■ What you need to do:
Find the string "FLORIDA" in the records. Copy each line that has it.

■ Given records:
_ _ _ _

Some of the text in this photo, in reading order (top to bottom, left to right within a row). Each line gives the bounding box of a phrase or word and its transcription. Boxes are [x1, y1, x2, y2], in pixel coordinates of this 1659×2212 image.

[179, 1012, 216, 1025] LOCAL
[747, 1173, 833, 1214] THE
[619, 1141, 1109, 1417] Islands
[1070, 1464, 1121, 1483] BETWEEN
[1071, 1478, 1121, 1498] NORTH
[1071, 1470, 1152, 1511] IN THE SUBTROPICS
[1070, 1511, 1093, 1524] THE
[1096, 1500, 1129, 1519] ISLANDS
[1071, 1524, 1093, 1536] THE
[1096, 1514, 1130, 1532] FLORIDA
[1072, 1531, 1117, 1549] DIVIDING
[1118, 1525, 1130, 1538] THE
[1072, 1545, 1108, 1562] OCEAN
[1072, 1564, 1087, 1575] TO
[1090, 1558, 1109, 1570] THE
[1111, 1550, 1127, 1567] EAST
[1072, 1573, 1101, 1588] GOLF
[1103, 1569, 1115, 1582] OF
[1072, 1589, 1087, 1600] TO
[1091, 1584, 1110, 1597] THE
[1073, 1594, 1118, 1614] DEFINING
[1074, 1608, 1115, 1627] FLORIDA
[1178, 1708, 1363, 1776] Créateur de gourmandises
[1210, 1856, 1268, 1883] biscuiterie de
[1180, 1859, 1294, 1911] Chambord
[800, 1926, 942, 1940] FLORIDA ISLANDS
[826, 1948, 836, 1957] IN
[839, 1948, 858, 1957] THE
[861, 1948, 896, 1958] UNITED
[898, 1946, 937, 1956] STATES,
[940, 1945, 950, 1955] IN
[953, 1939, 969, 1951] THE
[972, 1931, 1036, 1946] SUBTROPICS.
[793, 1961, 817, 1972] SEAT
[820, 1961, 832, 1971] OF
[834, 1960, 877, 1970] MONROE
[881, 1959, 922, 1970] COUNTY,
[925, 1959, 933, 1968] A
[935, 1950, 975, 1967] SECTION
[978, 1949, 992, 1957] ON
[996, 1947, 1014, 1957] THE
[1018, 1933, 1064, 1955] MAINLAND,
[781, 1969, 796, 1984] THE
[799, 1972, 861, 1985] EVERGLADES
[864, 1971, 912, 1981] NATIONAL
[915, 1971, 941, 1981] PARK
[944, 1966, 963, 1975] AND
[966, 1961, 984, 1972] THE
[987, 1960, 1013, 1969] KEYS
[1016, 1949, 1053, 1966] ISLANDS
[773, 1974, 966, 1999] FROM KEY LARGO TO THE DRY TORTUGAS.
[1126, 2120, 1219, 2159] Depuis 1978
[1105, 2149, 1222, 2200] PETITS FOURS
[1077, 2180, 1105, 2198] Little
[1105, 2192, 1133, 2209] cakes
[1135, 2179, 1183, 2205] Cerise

_ _ _ _

■ Written solution:
[1096, 1514, 1130, 1532] FLORIDA
[1074, 1608, 1115, 1627] FLORIDA
[800, 1926, 942, 1940] FLORIDA ISLANDS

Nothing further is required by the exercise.